Exhaustos y tratando de calmar sus preocupaciones, los héroes continuaron caminando por el camino hacia el poblado. Afortunadamente, su batalla no había generado daños a gran escala y ningún civil resultó herido, si se hubieran visto obligados a usar Drag Slave u otro conjuro similar en ese lugar, no habrían podido evitar los daños. Luego de uno rato, con la oscuridad de la noche y las primeras estrellas altas en el cielo, hallaron una posada apropiada para comer algo y descansar esa noche. Hacía bastante que no dormían en una cama cómoda y tranquila, las constantes batallas sin duda habían cobrado su cuota y necesitaban desesperadamente recuperar sus fuerzas, tanto físicas como mágicas.
— Cómo pelear contra doce de esas cosas... — las ideas aún daban vueltas en la cabeza de la hechicera mientras ella y sus compañeros buscaban una mesa apropiada en el comedor de la posada. — Sangre de demonio.
Sin energías para discutir su situación con el estómago vacío, los viajeros atrajeron la atención de una mesera y comenzaron a pedir algo de comer, bastante, ligeramente más que demasiado. Luego de ordenar plato tras plato, asegurándose de cubrir toda las opciones ofrecidas por la cocina, y una variedad no menor de bebidas, pudieron relajarse al fin para comer algo y discutir sus próximos pasos.

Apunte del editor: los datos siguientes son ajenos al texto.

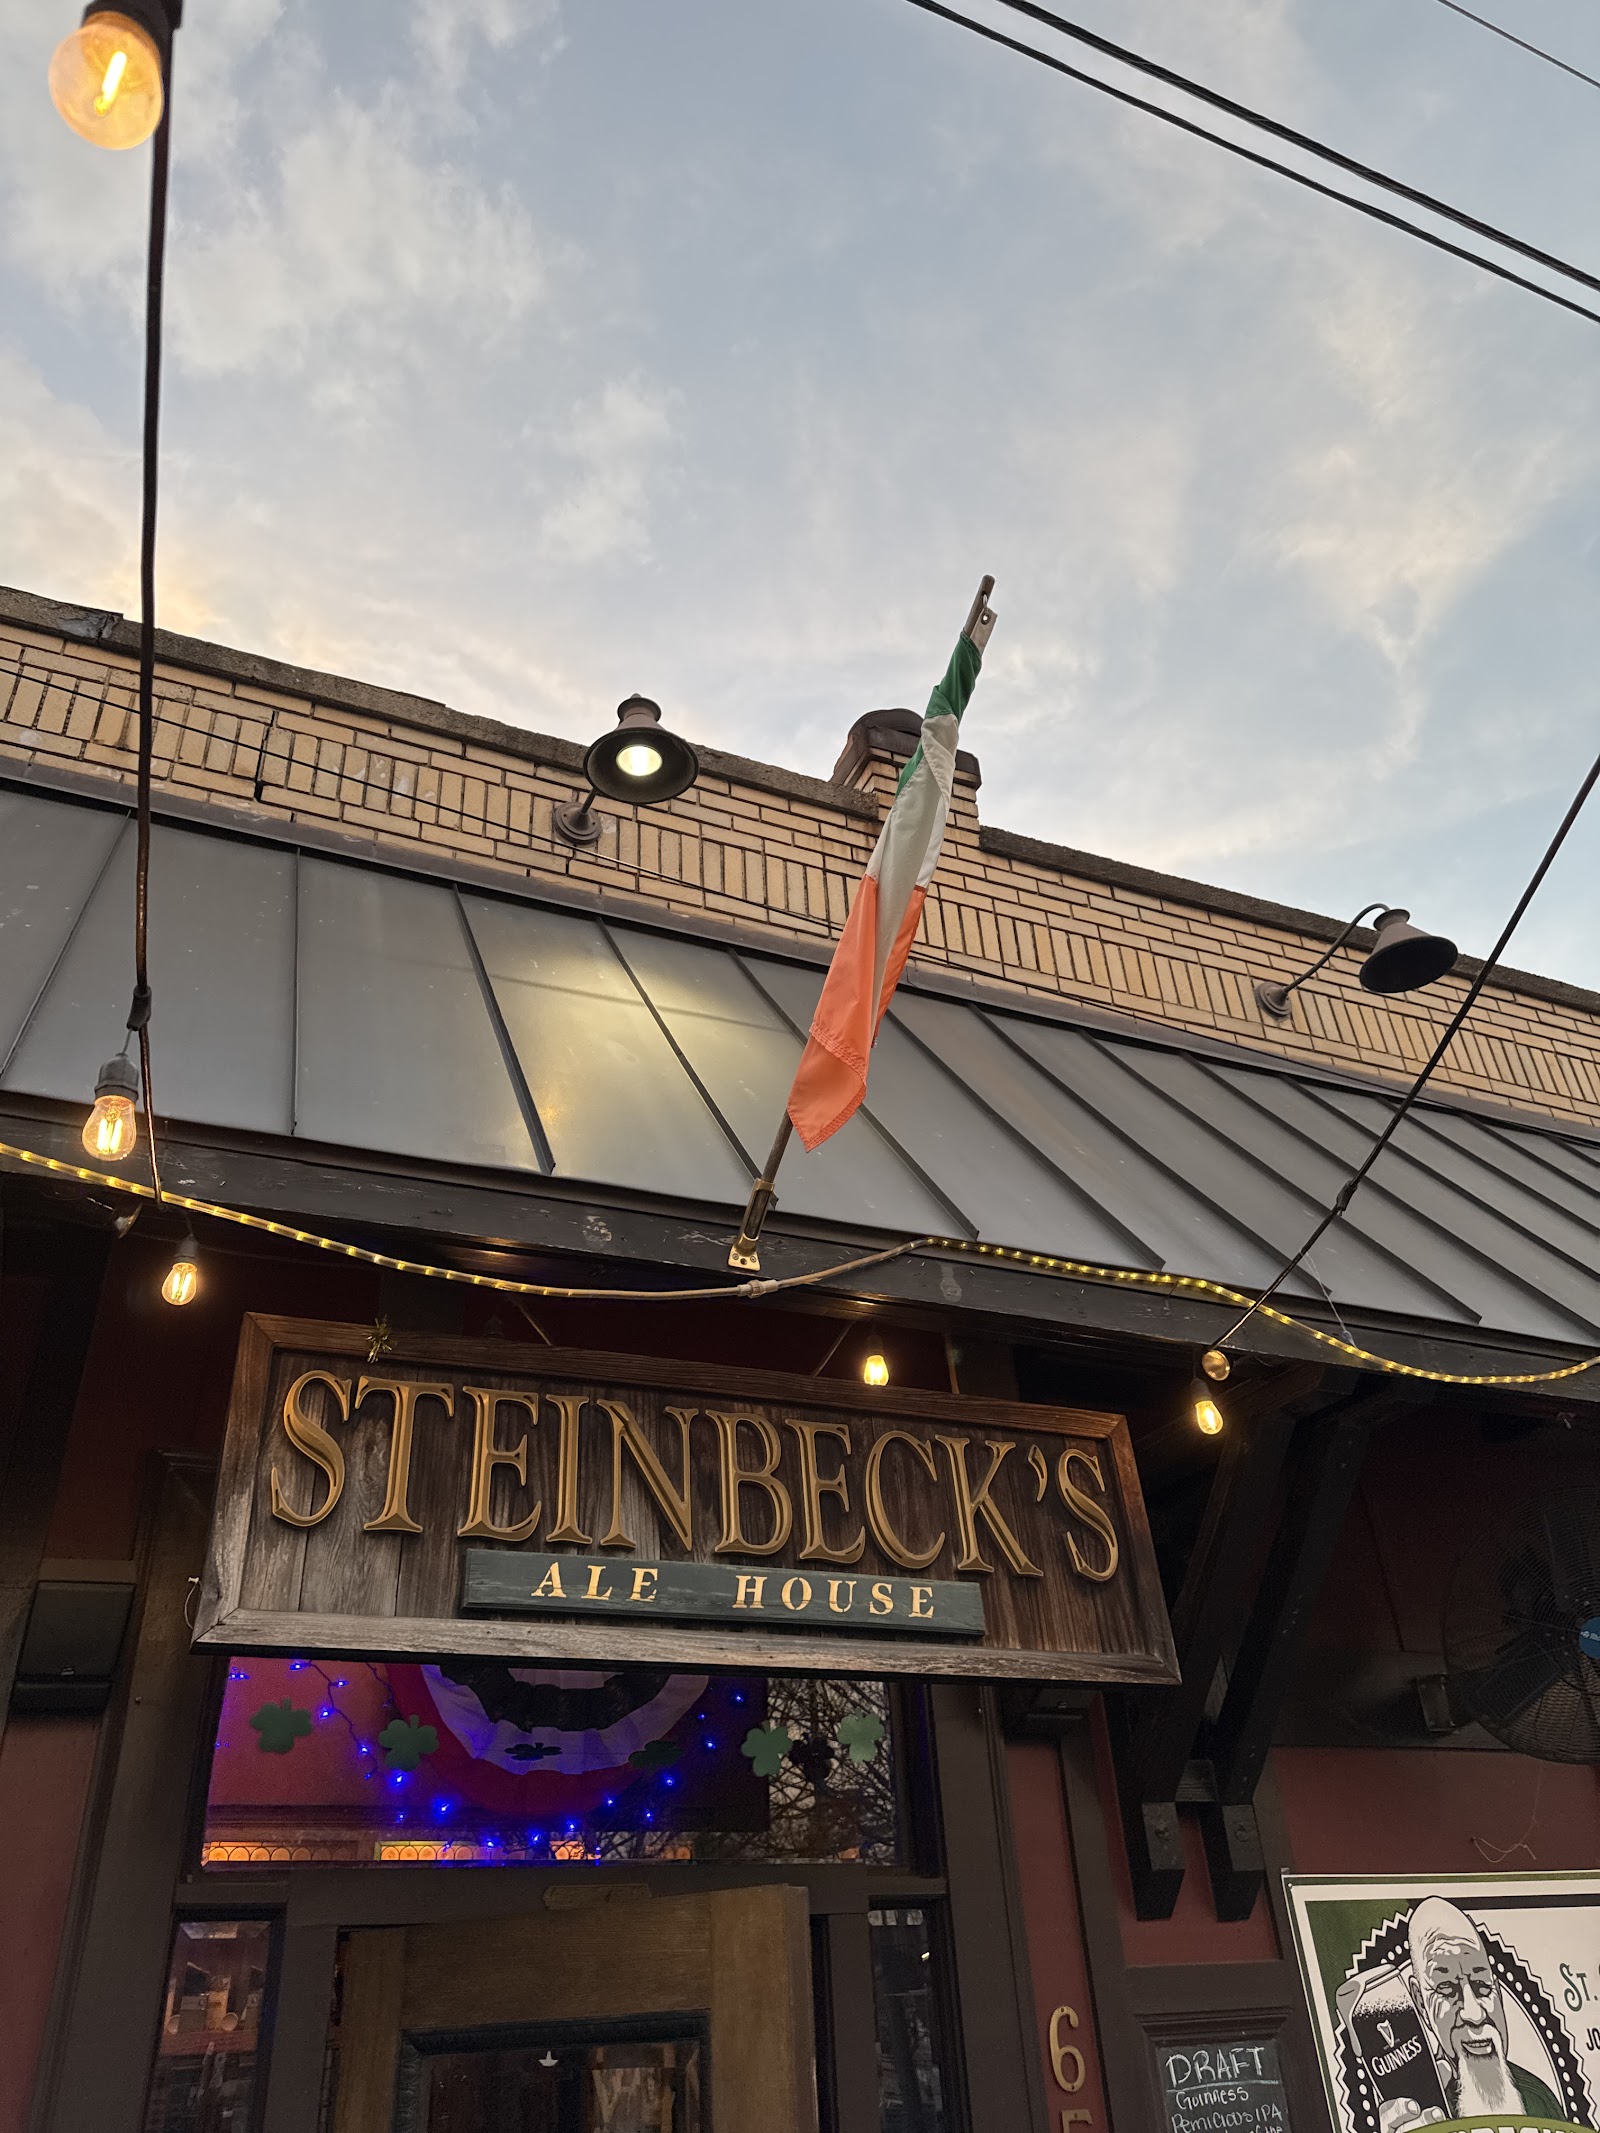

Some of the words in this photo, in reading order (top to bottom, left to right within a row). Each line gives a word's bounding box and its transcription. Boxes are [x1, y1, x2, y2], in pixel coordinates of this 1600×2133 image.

— Como les estaba diciendo, esos demonios son extremadamente poderosos, como todos pudieron ver — explicó Xellos luego de que todos hubieron tenido la oportunidad de comer una cantidad generosa. — Por lo que tengo entendido, se especializan en el combate cuerpo a cuerpo.

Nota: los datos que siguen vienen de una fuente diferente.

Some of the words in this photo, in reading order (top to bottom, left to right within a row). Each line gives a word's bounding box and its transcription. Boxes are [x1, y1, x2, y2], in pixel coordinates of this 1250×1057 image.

— Si no tienen magia, entonces al menos tenemos una ventaja — comentó Amelia.
— No es que no tengan, pueden manifestar poderes como cualquier demonio poderoso, pero sus energías están más afinadas con el mundo material por lo que son más efectivos en la lucha — continuó el sacerdote. — Eso los hace extremadamente resistentes, creo que eso ya era obvio.

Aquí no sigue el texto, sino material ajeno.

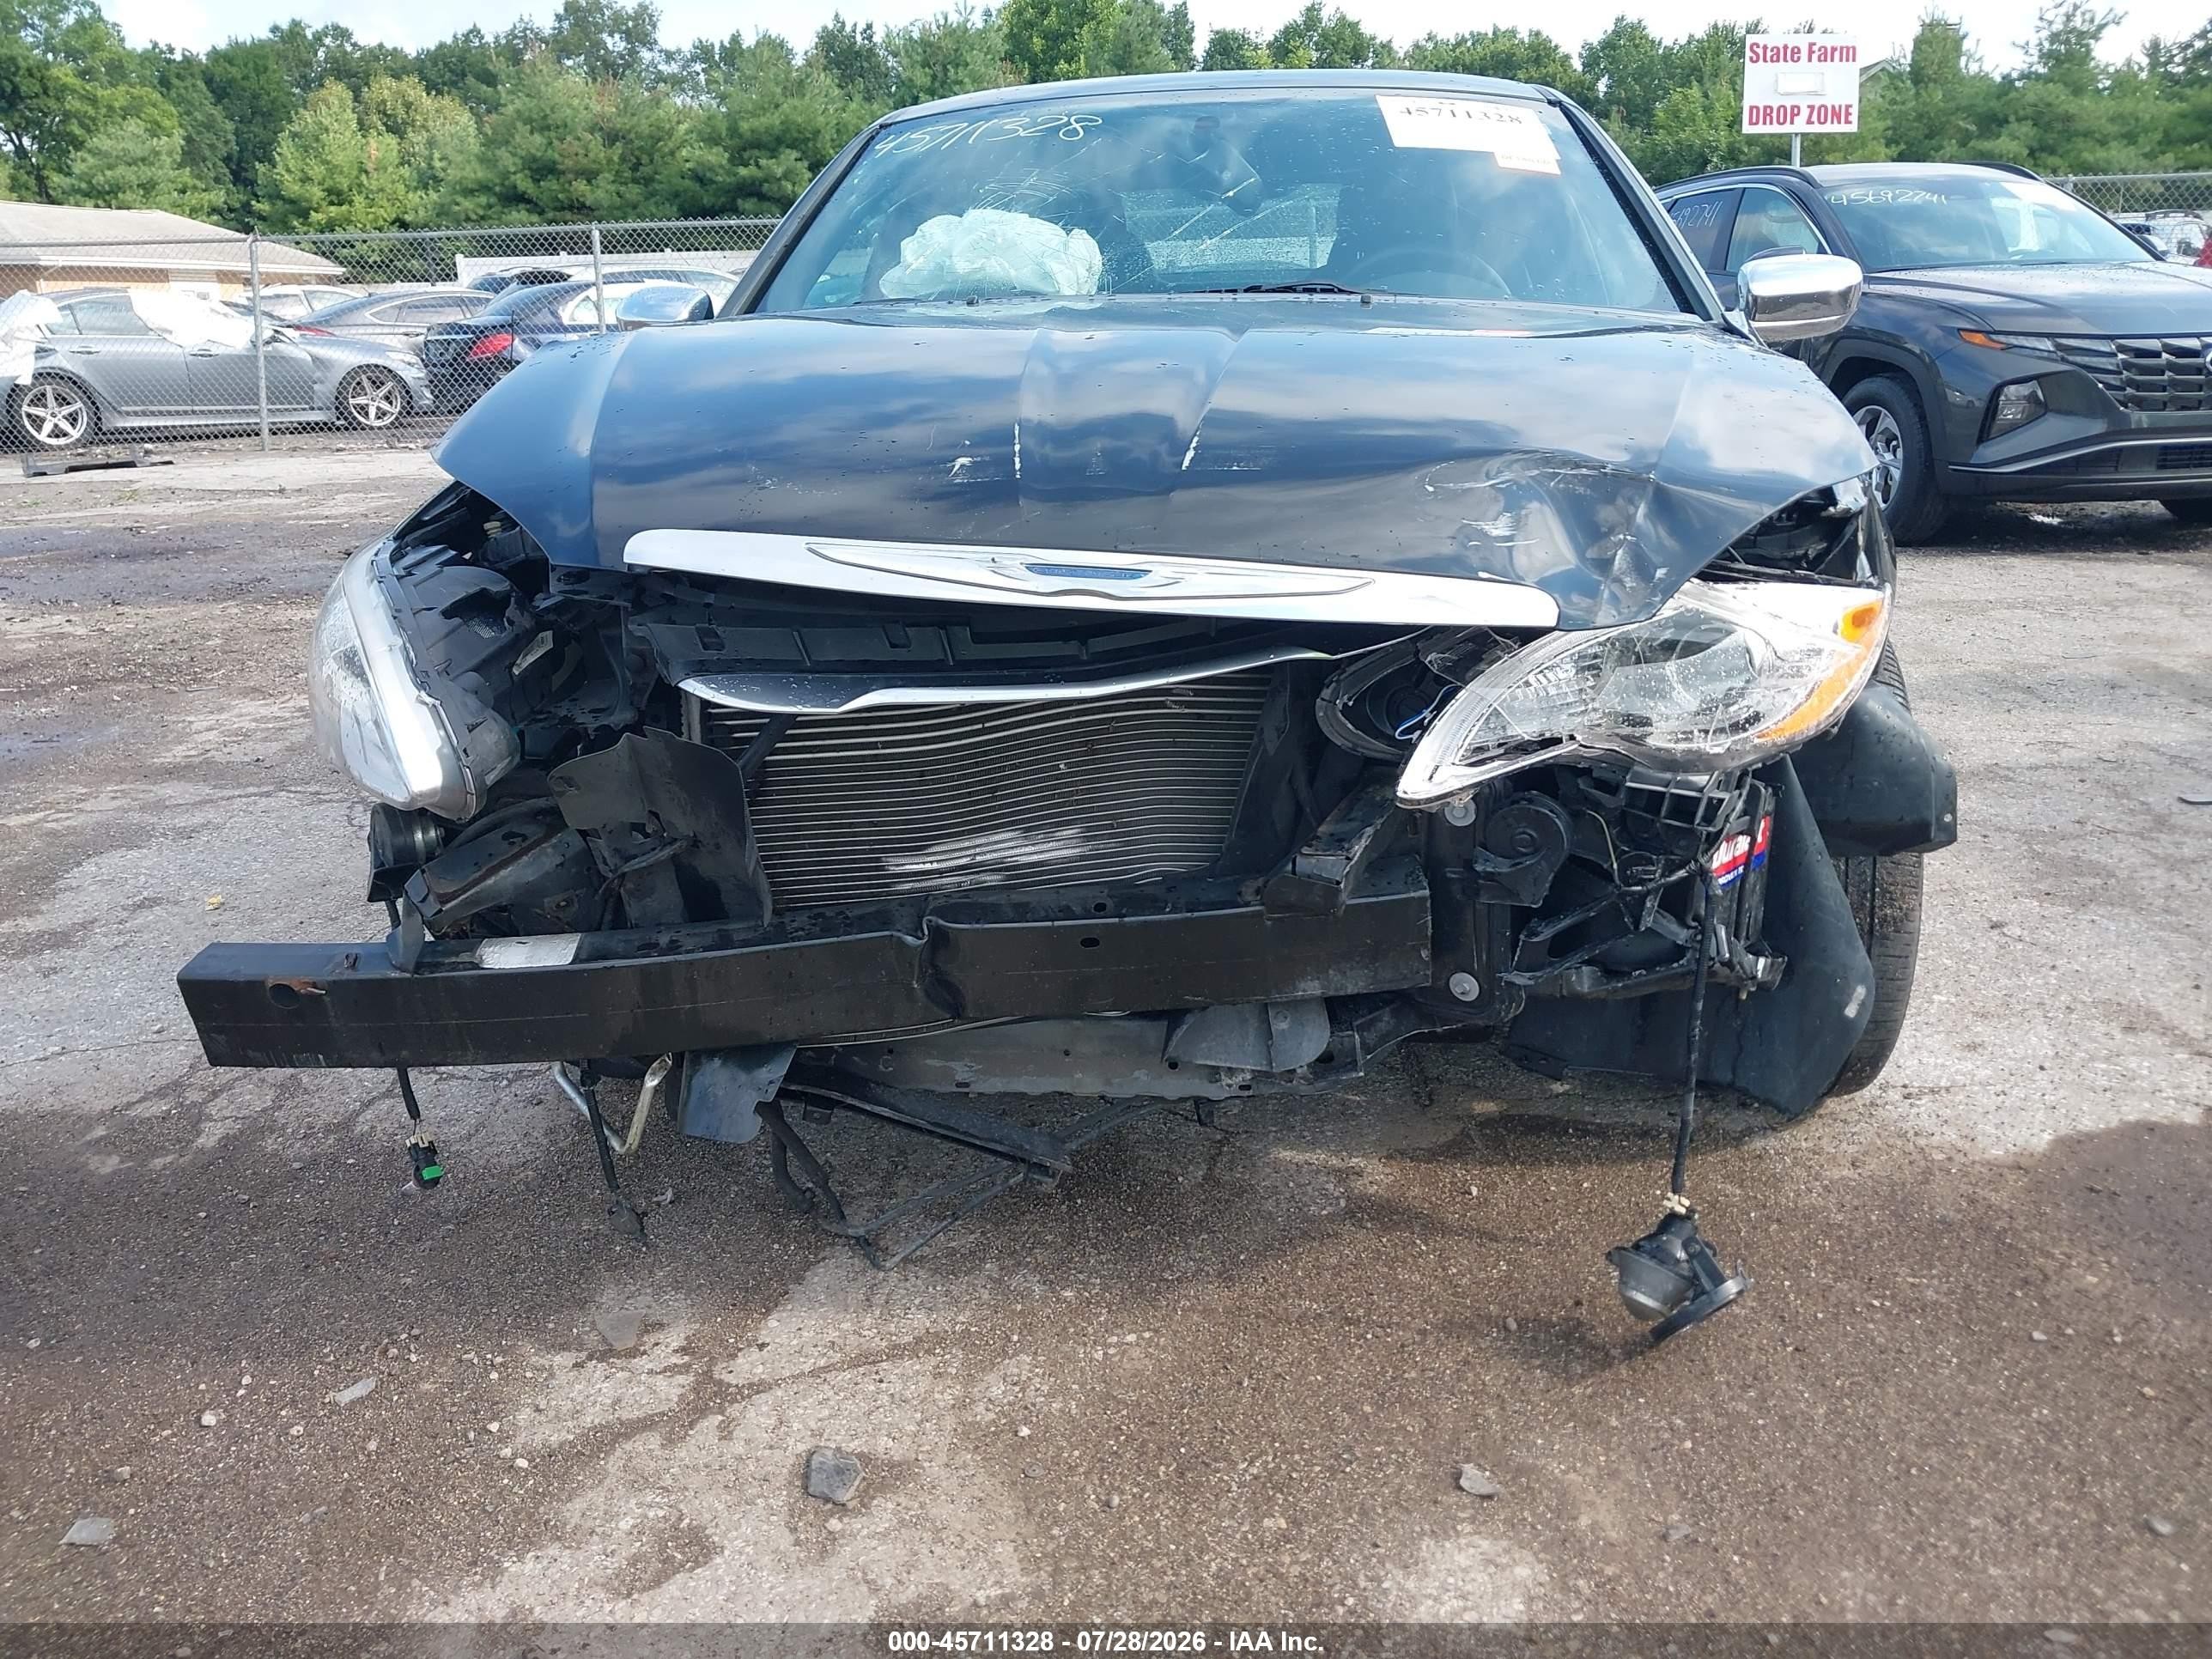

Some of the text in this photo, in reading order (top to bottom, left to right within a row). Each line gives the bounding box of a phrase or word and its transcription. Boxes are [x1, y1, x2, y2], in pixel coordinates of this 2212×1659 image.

[1749, 42, 1857, 64] State Farm
[1400, 103, 1523, 125] 45711328
[1748, 104, 1853, 126] DROP ZONE
[874, 114, 1103, 158] 45711328
[1831, 189, 1948, 206] 45692741

— Cuando sentí su presencia en el plano astral, tuve una sensación de orden y disciplina. No sé qué tan capaces sean, pero me parece que tienen alguna clase de dominio del espíritu — acotó Zelgadis, lo que causó un rostro de preocupación en la princesa, sentada a su lado.
— Eso no lo sé, pero es posible. Hay rumores de que Hound tiene alguna clase de poder espiritual, pero no se si sea real — respondió el demonio.
— De esa parte tengo certeza, mis maestros me... nos contaron... que Hound es hábil en el espíritu — confirmó las sospechas el hombre quimera, mirando ligeramente a Amelia.
— Sangre de demonio... — la hechicera se había mantenido relativamente en silencio, salvo por alguna pelea con Gourry por un plato de comida. Continuaba pensando en esas palabras, pero finalmente miró a sus compañeros y se decidió a hablar. — Yo... creo que tengo una idea.
— ¿De qué se trata? — preguntaron sus compañeros.
— Sangre de demonio... — volvió a pensar en silencio la hechicera por un momento. — Bueno, es acerca de los amuletos, los Sangre de Demonio. Guardan cierta parte de la esencia de los dioses malignos, ¿No?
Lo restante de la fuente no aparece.